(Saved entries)
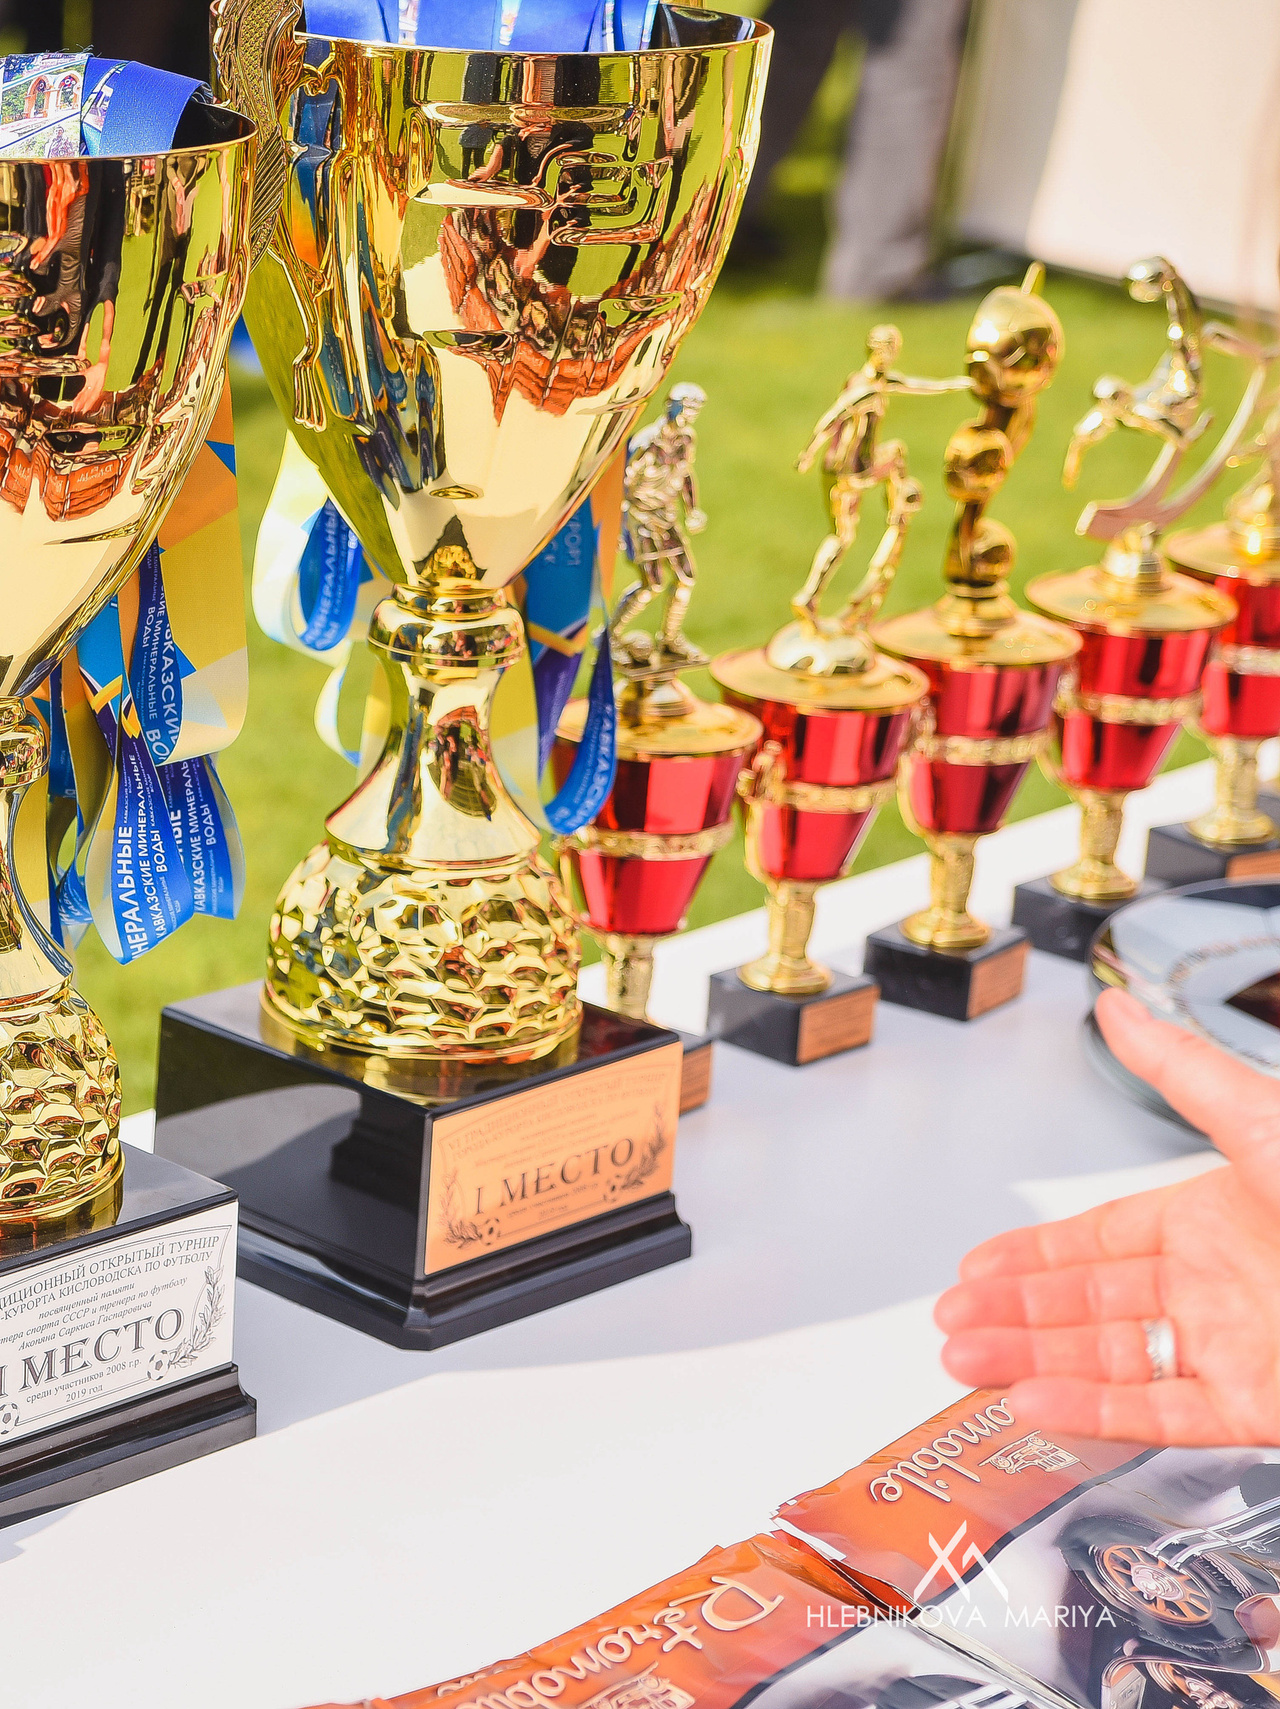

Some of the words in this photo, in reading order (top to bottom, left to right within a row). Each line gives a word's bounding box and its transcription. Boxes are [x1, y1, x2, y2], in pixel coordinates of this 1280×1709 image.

[142, 606, 156, 648] ВОДЫ
[148, 619, 163, 721] МИНЕРАЛЬНЫЕ
[146, 729, 171, 760] ВО
[129, 754, 149, 857] МИНЕРАЛЬНЫЕ
[200, 803, 216, 846] ВОДЫ
[150, 830, 168, 873] ВОДЫ
[475, 1186, 484, 1216] I
[500, 1138, 634, 1207] МЕСТО
[59, 1265, 141, 1298] КИСЛОВОДСКА
[144, 1261, 160, 1272] ПО
[163, 1251, 213, 1267] ФУТБОЛУ
[89, 1242, 165, 1275] ОТКРЫТЫЙ
[168, 1236, 219, 1253] ТУРНИР
[26, 1320, 59, 1336] спорта
[62, 1308, 90, 1323] СССР
[99, 1294, 136, 1312] тренера
[138, 1290, 149, 1299] по
[150, 1277, 188, 1297] футболу
[39, 1293, 98, 1319] посвященный
[100, 1283, 135, 1299] памяти
[19, 1333, 56, 1351] Акопяна
[58, 1320, 95, 1338] Саркиса
[97, 1300, 152, 1325] Гаспаровича
[19, 1308, 185, 1392] МЕСТО
[26, 1388, 53, 1404] среди
[54, 1371, 104, 1396] участников
[105, 1361, 127, 1376] 2008
[65, 1389, 87, 1403] 2019
[88, 1384, 103, 1397] год
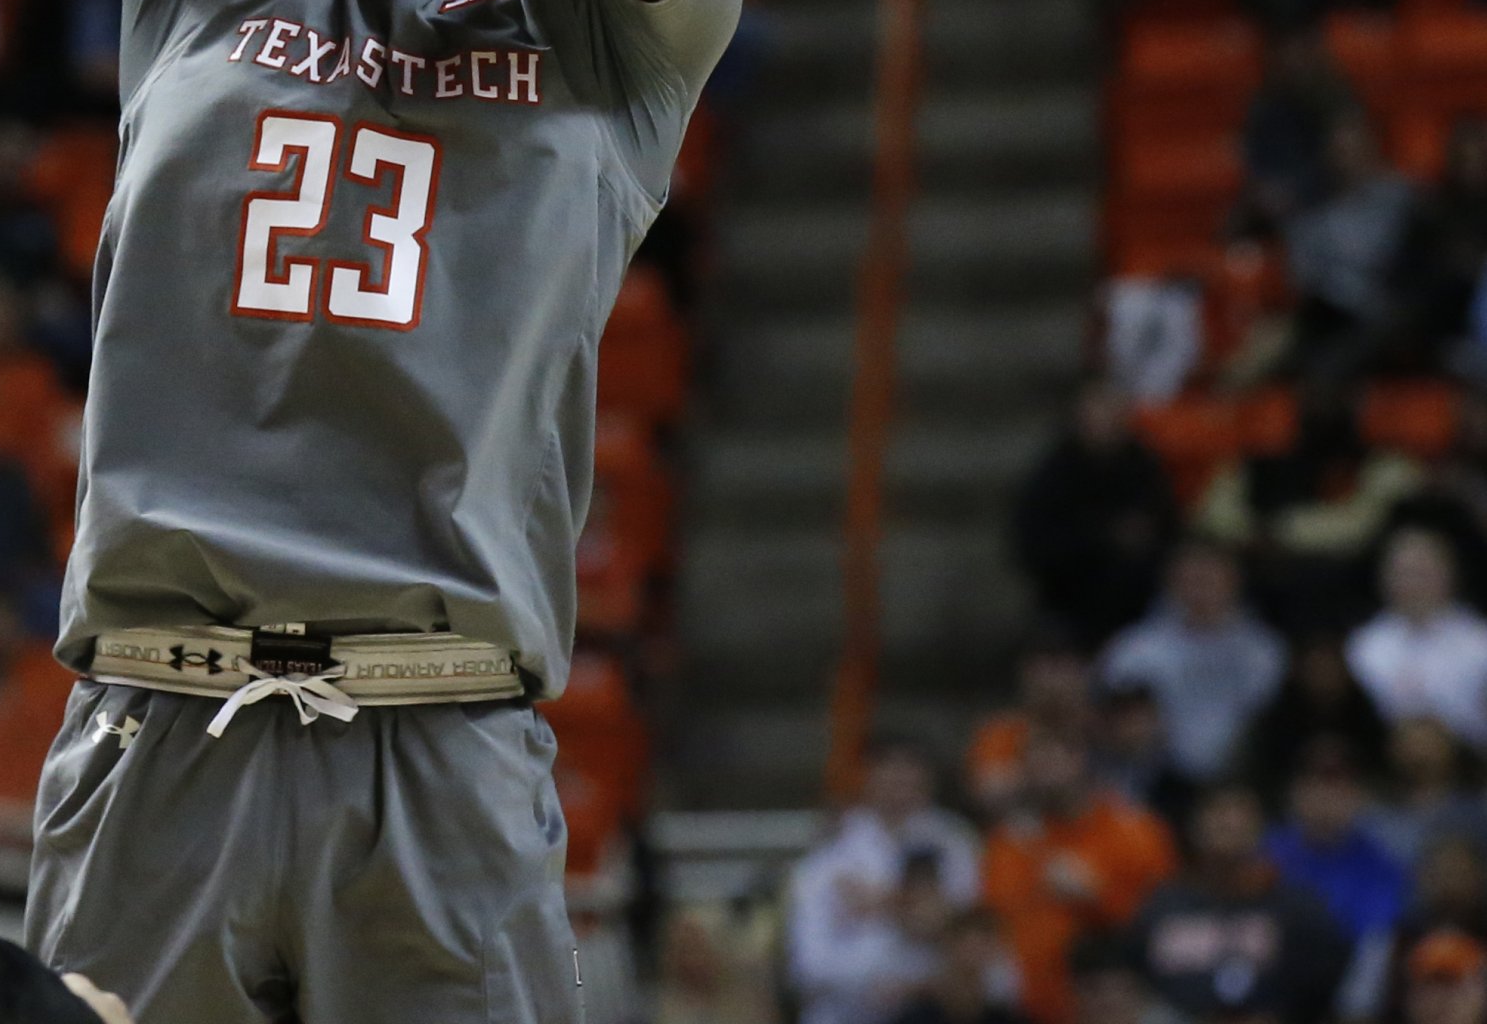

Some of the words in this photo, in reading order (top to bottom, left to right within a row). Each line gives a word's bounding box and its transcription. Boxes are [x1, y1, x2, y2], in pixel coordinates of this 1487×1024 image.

[228, 17, 389, 89] TEXAS
[391, 50, 544, 104] TECH
[231, 108, 443, 332] 23
[356, 661, 445, 680] ARMOUR
[452, 657, 509, 675] UNDER

> **ABOUT THIS EXERCISE**:
Your output should consist only of the lines from the one containing "this 1487×1024 image." to the end of the records above, each retyped exactly.

> **SOLUTION**:
Some of the words in this photo, in reading order (top to bottom, left to right within a row). Each line gives a word's bounding box and its transcription. Boxes are [x1, y1, x2, y2], in pixel coordinates of this 1487×1024 image.

[228, 17, 389, 89] TEXAS
[391, 50, 544, 104] TECH
[231, 108, 443, 332] 23
[356, 661, 445, 680] ARMOUR
[452, 657, 509, 675] UNDER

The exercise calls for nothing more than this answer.